__TASK BRIEF__. Quote word for word the lines starting at the line with "this 1280×1707 image." and ending at the final line of the entries. Leave out any pictures.
★ ★ ★ ★ ★
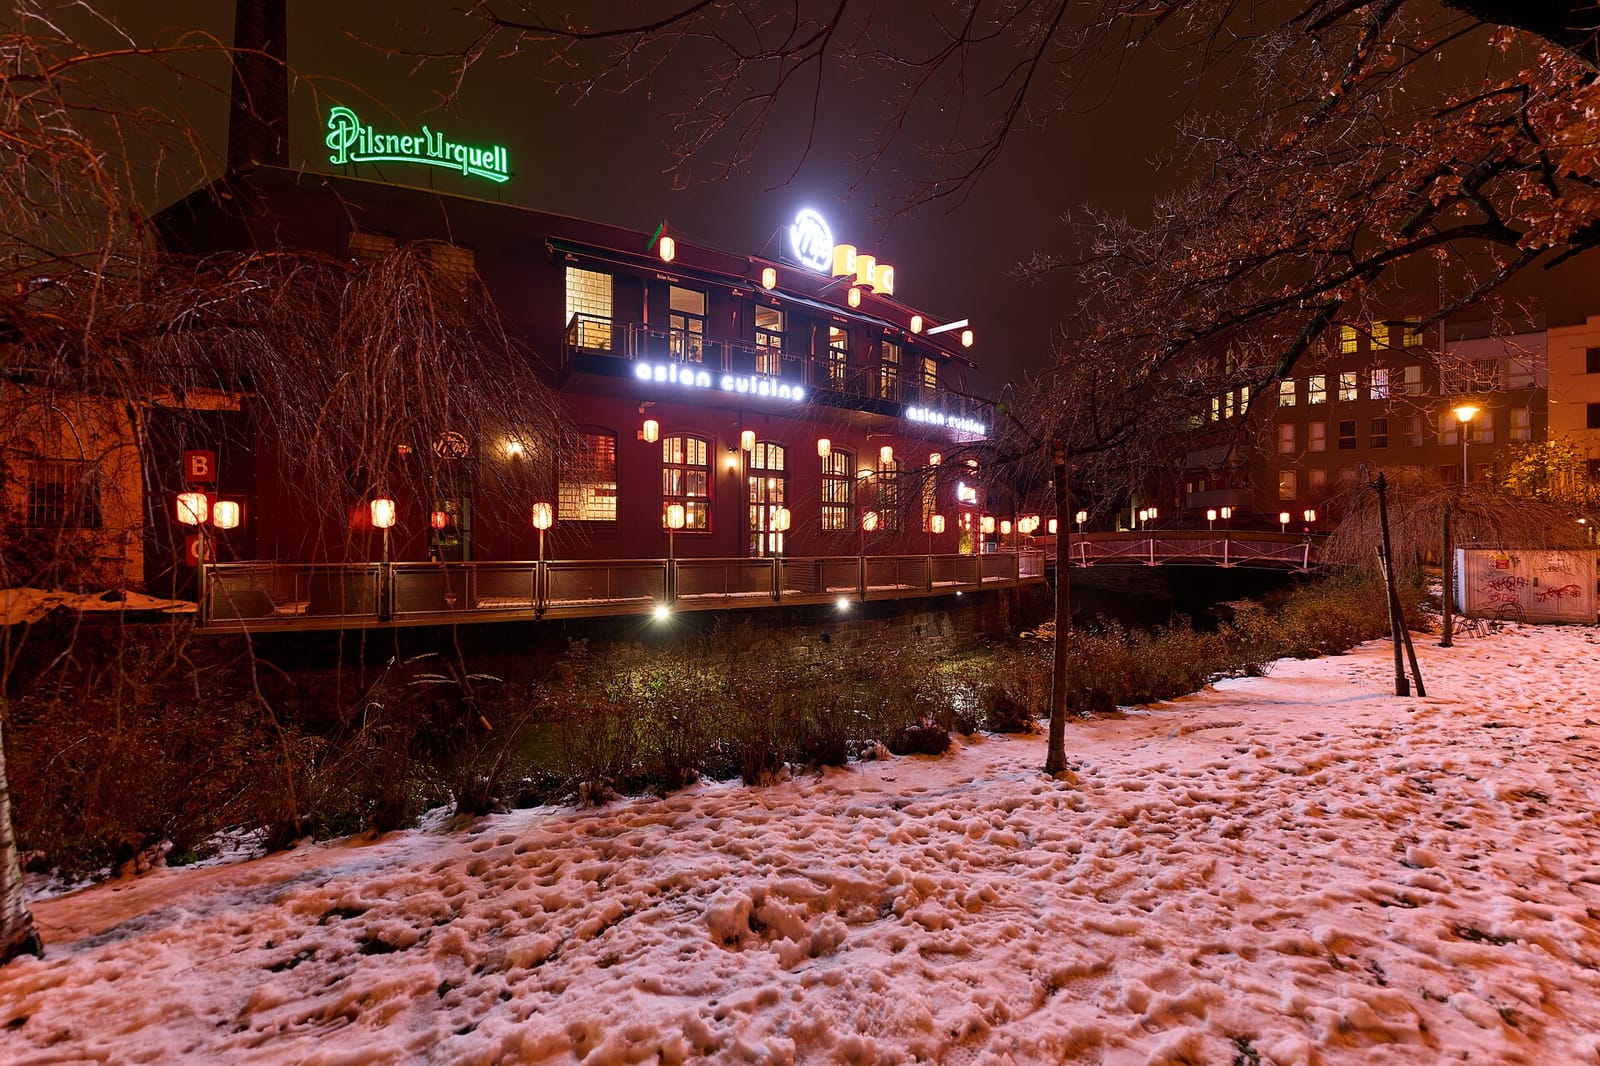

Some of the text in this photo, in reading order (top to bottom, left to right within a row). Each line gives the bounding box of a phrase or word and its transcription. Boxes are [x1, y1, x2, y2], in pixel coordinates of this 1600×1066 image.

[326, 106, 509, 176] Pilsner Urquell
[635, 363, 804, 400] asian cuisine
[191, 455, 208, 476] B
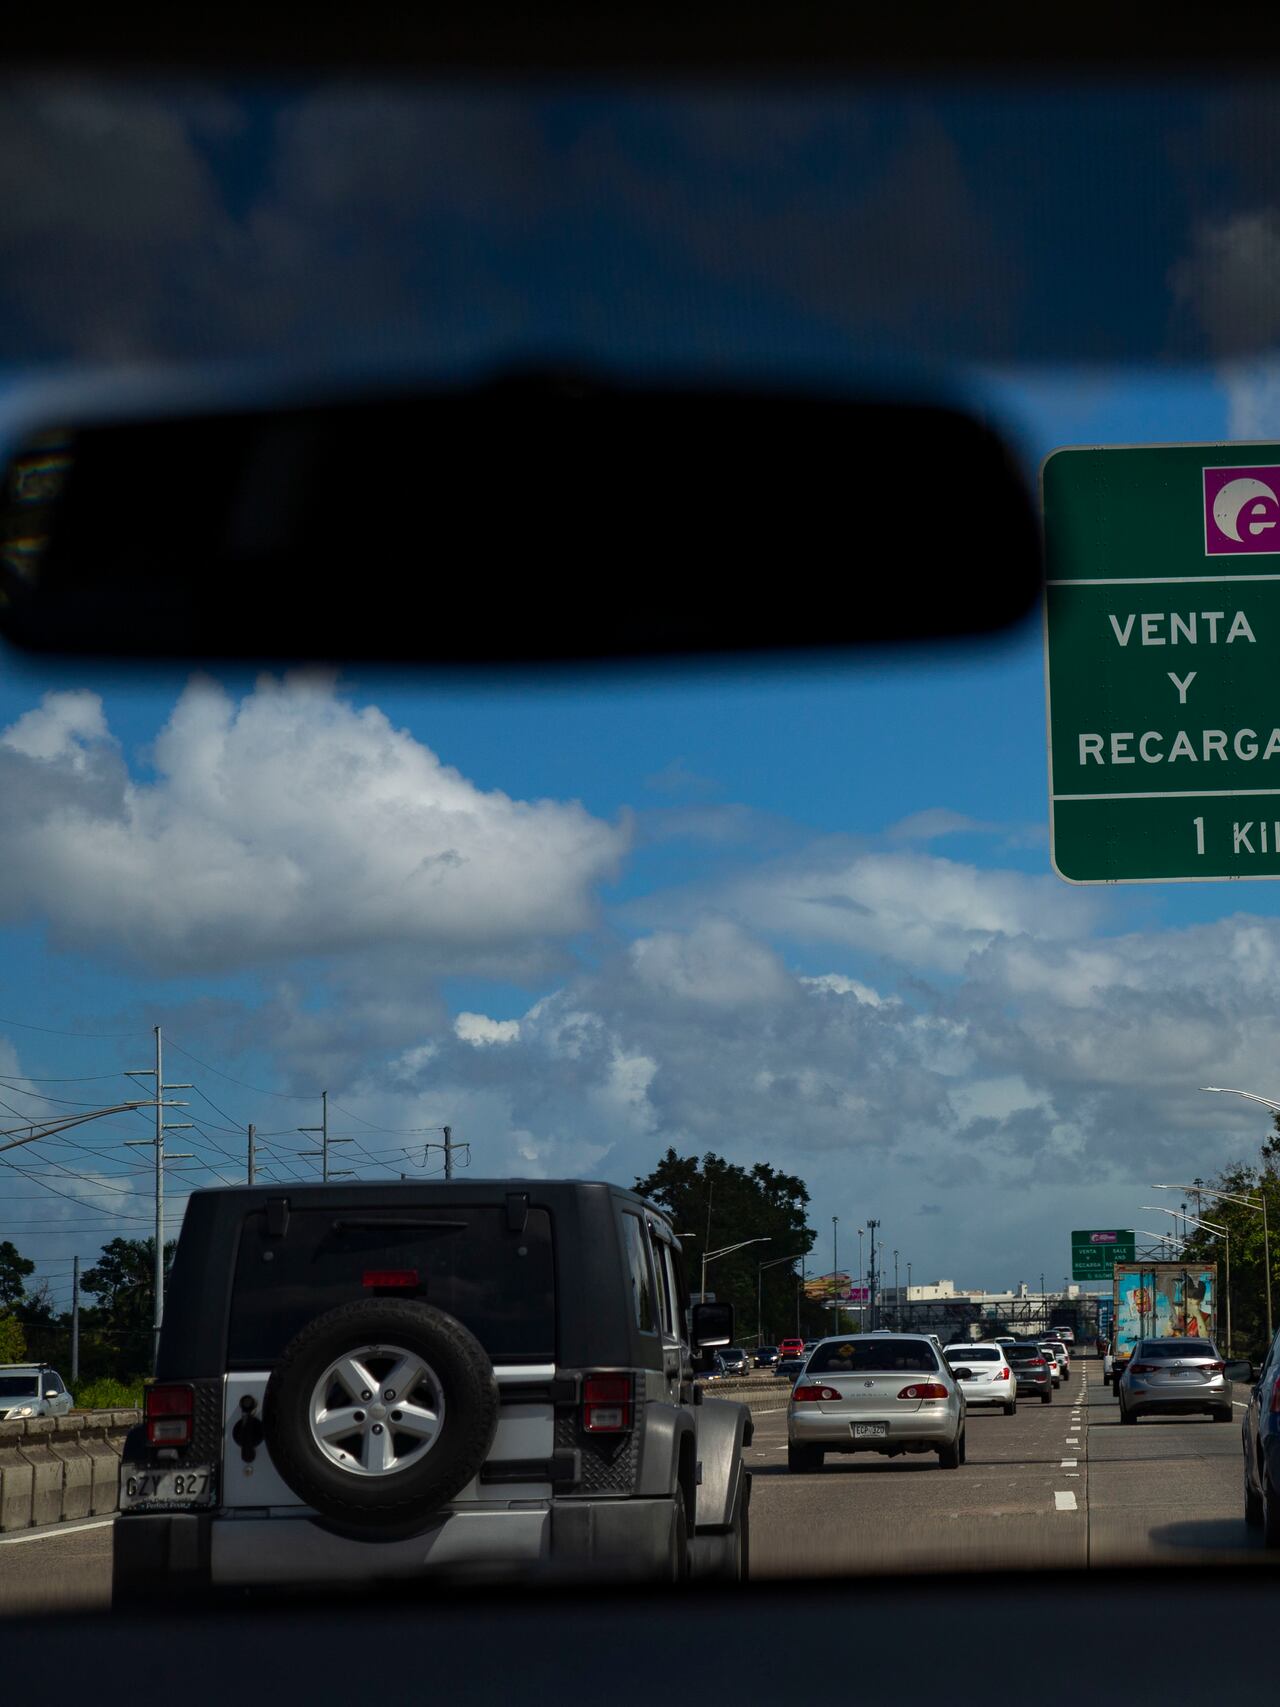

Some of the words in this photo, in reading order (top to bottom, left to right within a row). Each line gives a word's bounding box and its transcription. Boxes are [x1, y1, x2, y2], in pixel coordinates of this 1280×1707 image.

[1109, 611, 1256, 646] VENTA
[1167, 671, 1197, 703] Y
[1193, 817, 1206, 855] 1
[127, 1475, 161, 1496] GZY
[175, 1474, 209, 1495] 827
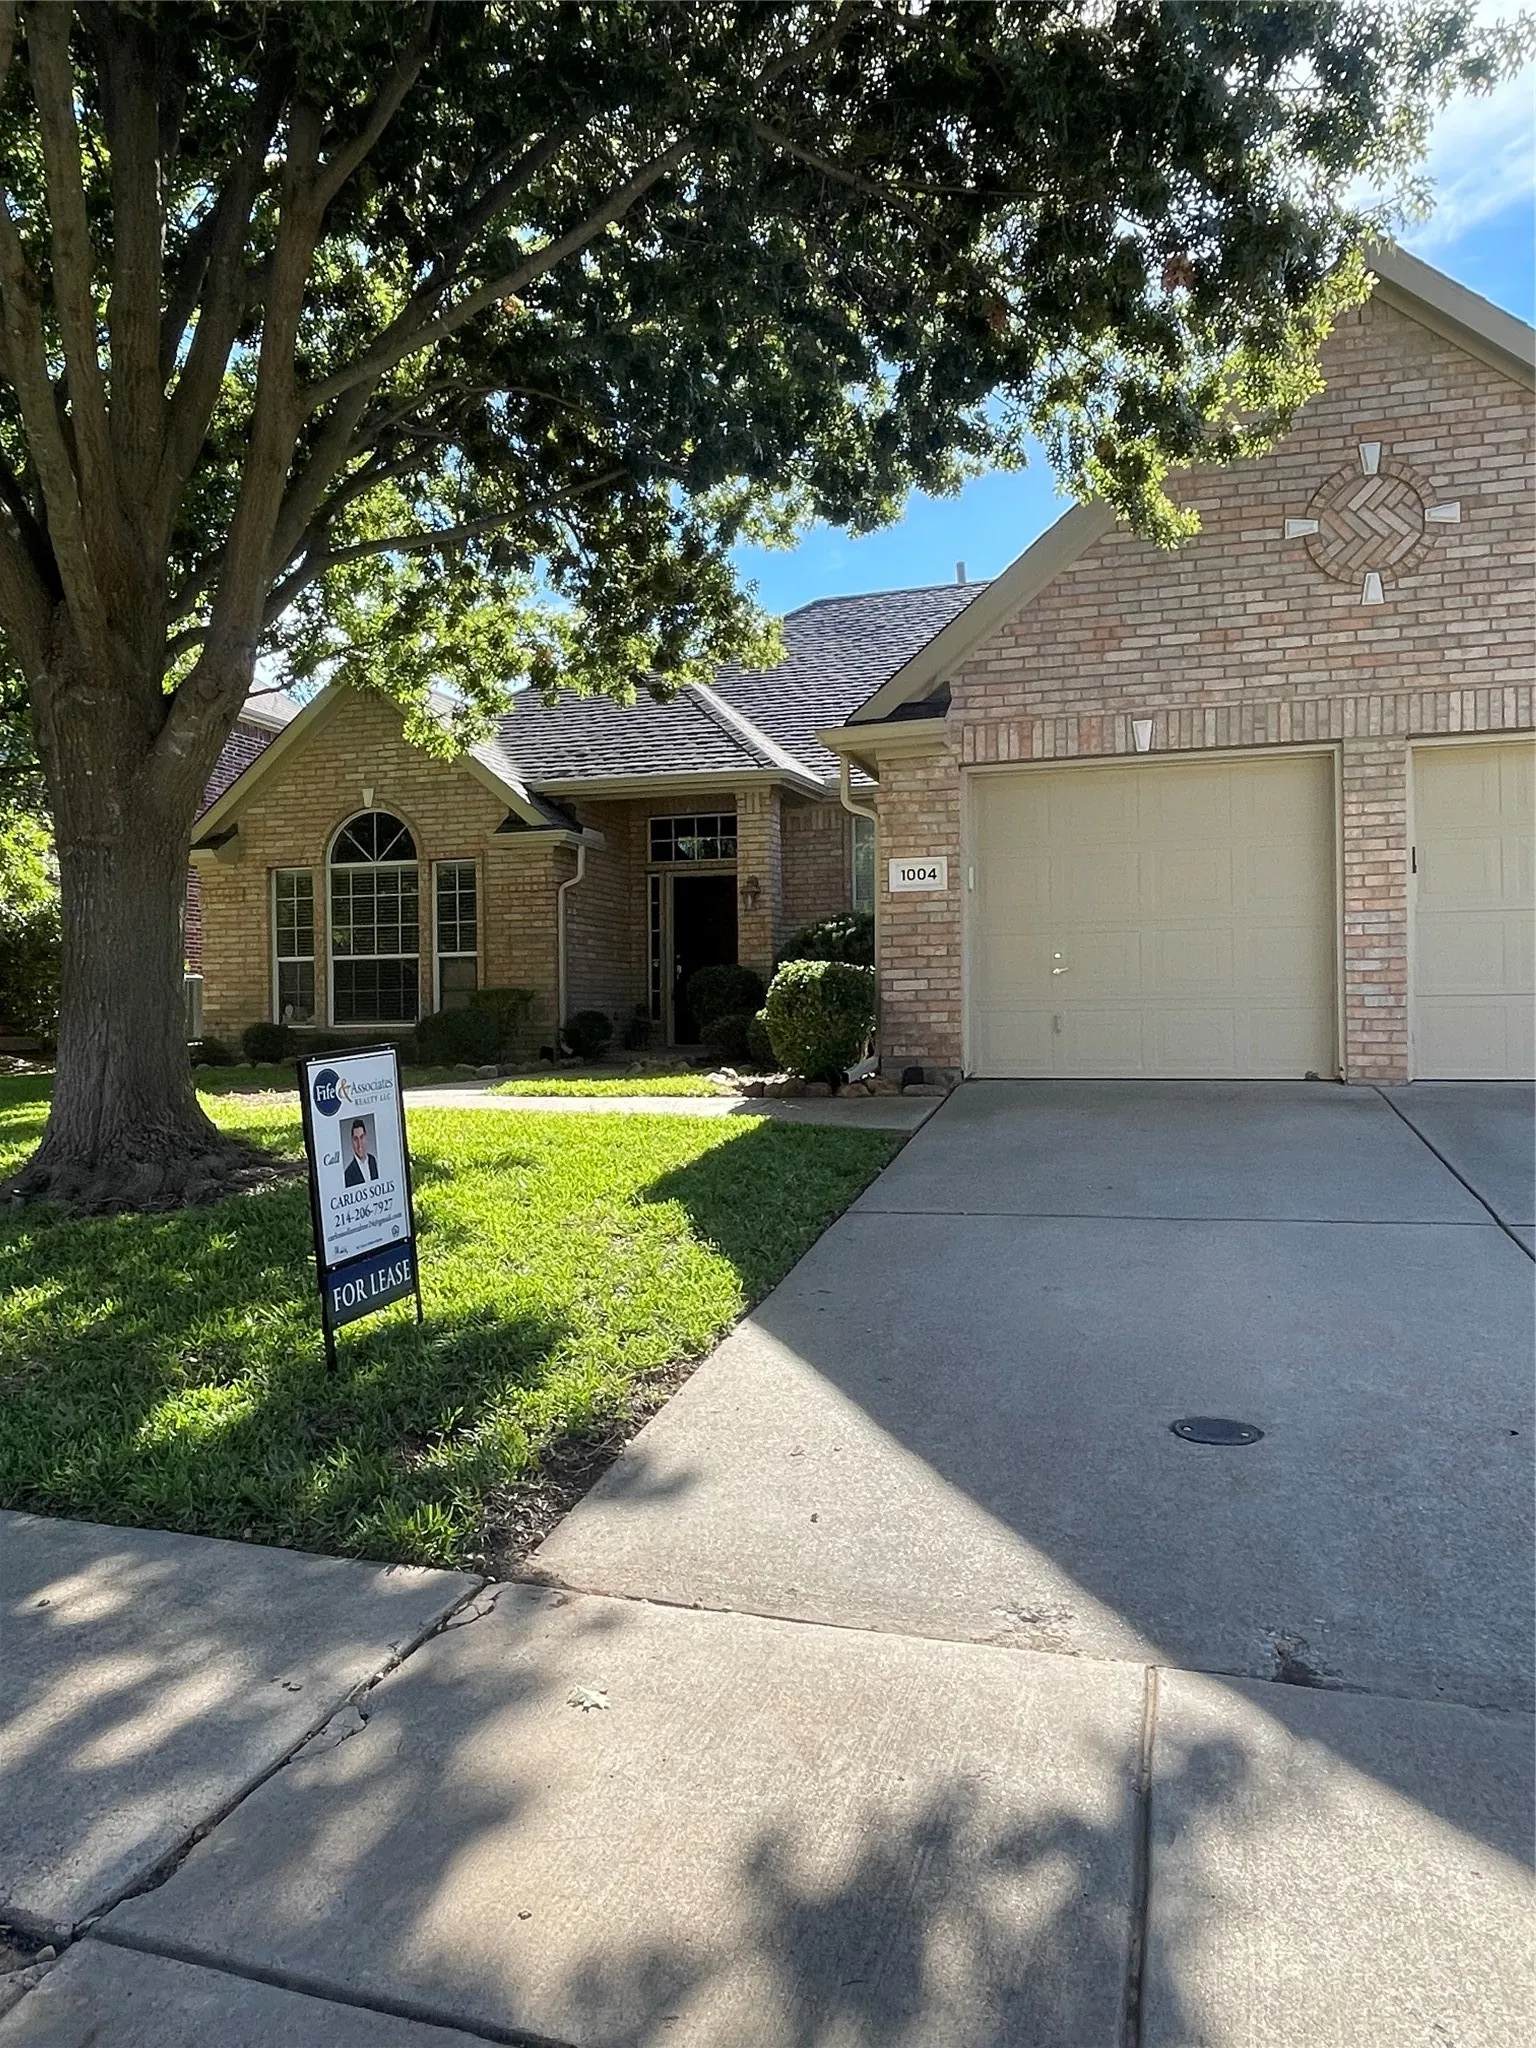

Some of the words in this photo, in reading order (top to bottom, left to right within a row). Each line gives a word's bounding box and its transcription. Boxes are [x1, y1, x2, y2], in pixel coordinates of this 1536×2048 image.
★ ★ ★ ★ ★
__ANSWER TO THE PROBLEM__.
Some of the words in this photo, in reading order (top to bottom, left to right within a row). Each line gives a word's bounding box and its transcription. Boxes are [x1, y1, x2, y2], in pixel coordinates of this 1280×1707 image.

[1109, 611, 1256, 646] VENTA
[1167, 671, 1197, 703] Y
[1193, 817, 1206, 855] 1
[127, 1475, 161, 1496] GZY
[175, 1474, 209, 1495] 827

Some of the words in this photo, in reading order (top to bottom, left to right within a row). Each line gives a word's bounding box and its transcription. Boxes are [x1, y1, x2, y2], in pixel coordinates of this 1536×2048 image.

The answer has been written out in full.